The expected output is the complete listing, unchanged.

□ □ □ □

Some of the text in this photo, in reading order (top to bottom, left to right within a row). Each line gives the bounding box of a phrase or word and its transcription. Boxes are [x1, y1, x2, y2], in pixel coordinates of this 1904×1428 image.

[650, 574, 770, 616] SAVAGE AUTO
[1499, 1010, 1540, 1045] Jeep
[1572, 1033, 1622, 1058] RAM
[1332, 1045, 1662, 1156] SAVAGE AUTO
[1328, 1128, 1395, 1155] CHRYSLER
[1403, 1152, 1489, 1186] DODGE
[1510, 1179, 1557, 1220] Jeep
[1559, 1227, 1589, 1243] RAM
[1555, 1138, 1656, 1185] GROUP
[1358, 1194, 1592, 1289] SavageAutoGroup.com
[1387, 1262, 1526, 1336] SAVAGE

□ □ □ □

• _ANSWER SPACE_
Some of the text in this photo, in reading order (top to bottom, left to right within a row). Each line gives the bounding box of a phrase or word and its transcription. Boxes are [x1, y1, x2, y2], in pixel coordinates of this 1904×1428 image.

[650, 574, 770, 616] SAVAGE AUTO
[1499, 1010, 1540, 1045] Jeep
[1572, 1033, 1622, 1058] RAM
[1332, 1045, 1662, 1156] SAVAGE AUTO
[1328, 1128, 1395, 1155] CHRYSLER
[1403, 1152, 1489, 1186] DODGE
[1510, 1179, 1557, 1220] Jeep
[1559, 1227, 1589, 1243] RAM
[1555, 1138, 1656, 1185] GROUP
[1358, 1194, 1592, 1289] SavageAutoGroup.com
[1387, 1262, 1526, 1336] SAVAGE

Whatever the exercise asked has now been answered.